▶ _DATASET ENTRIES_:
⟨

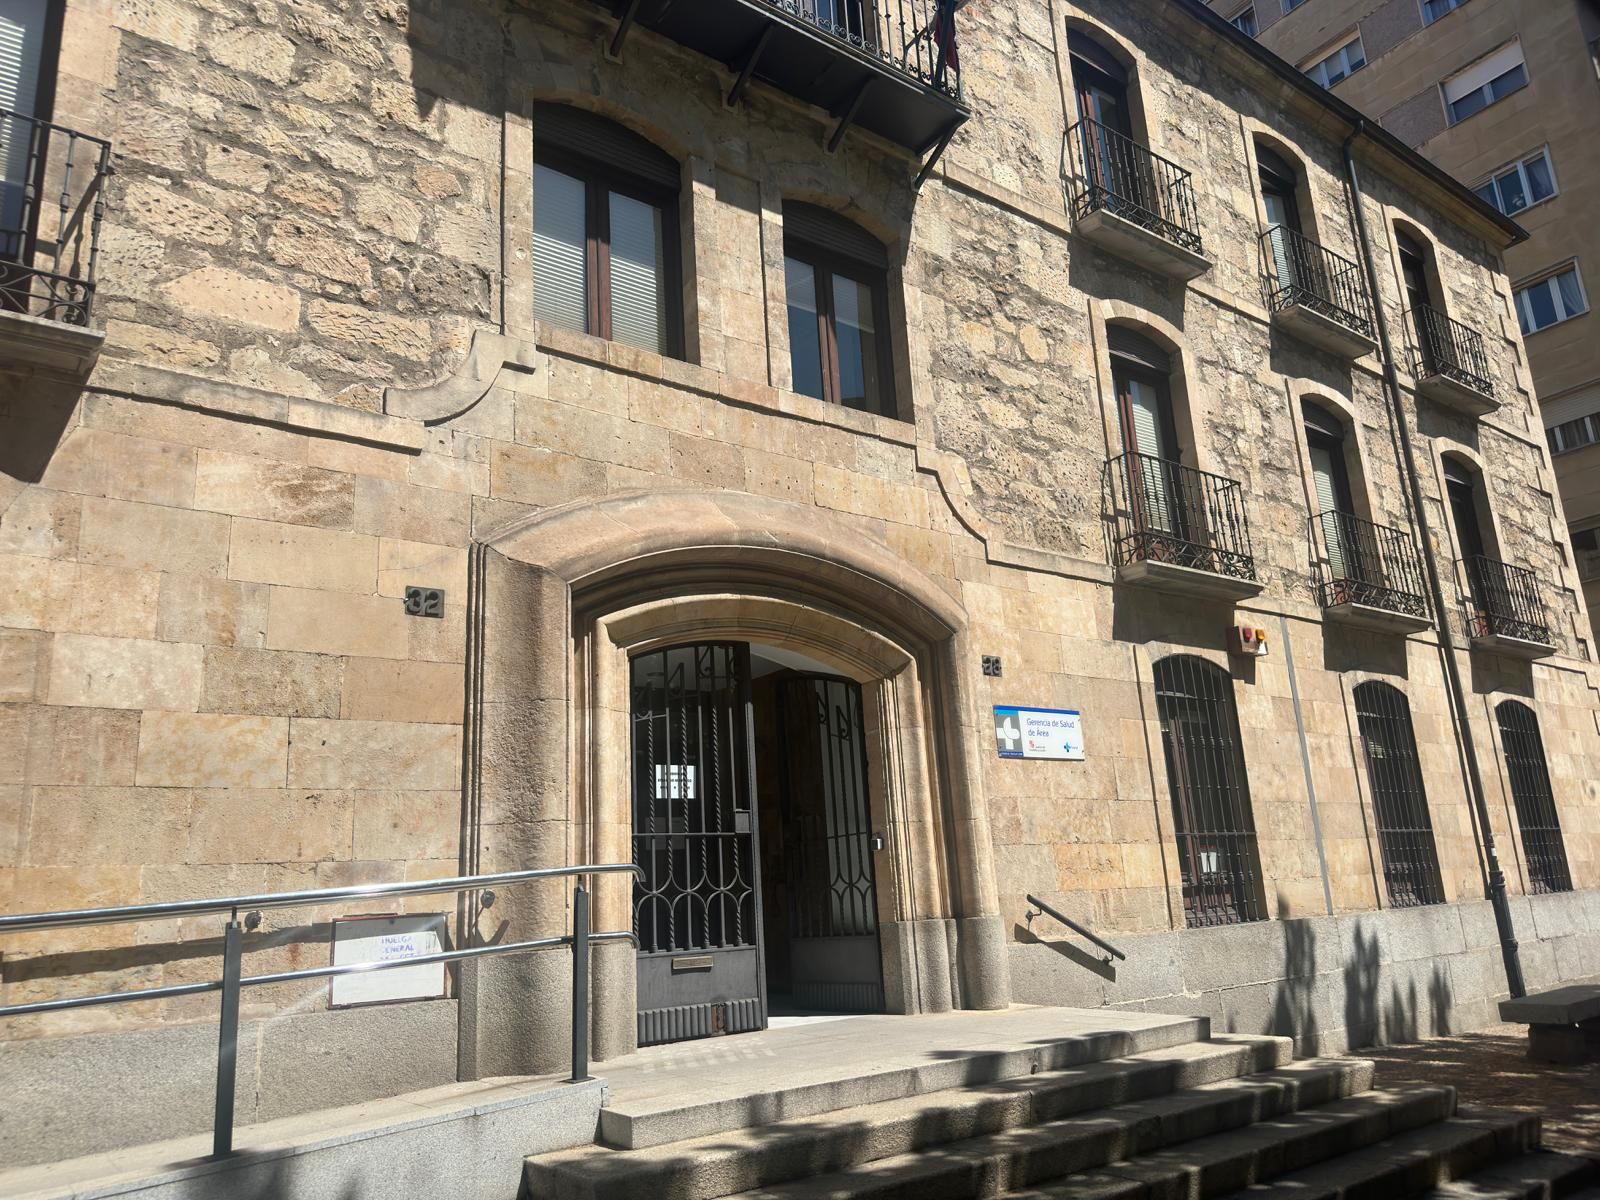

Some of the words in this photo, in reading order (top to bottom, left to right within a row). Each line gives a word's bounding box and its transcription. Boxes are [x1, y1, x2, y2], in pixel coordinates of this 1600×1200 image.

[405, 587, 440, 617] 32
[1026, 717, 1050, 727] Gerencia
[1051, 719, 1059, 728] de
[1060, 719, 1075, 729] Salud
[1028, 729, 1035, 737] de
[1036, 727, 1049, 737] Área

⟩

Set down every line of the entries above again, exactly as written, but not the pictures.

Some of the words in this photo, in reading order (top to bottom, left to right within a row). Each line gives a word's bounding box and its transcription. Boxes are [x1, y1, x2, y2], in pixel coordinates of this 1600×1200 image.

[405, 587, 440, 617] 32
[1026, 717, 1050, 727] Gerencia
[1051, 719, 1059, 728] de
[1060, 719, 1075, 729] Salud
[1028, 729, 1035, 737] de
[1036, 727, 1049, 737] Área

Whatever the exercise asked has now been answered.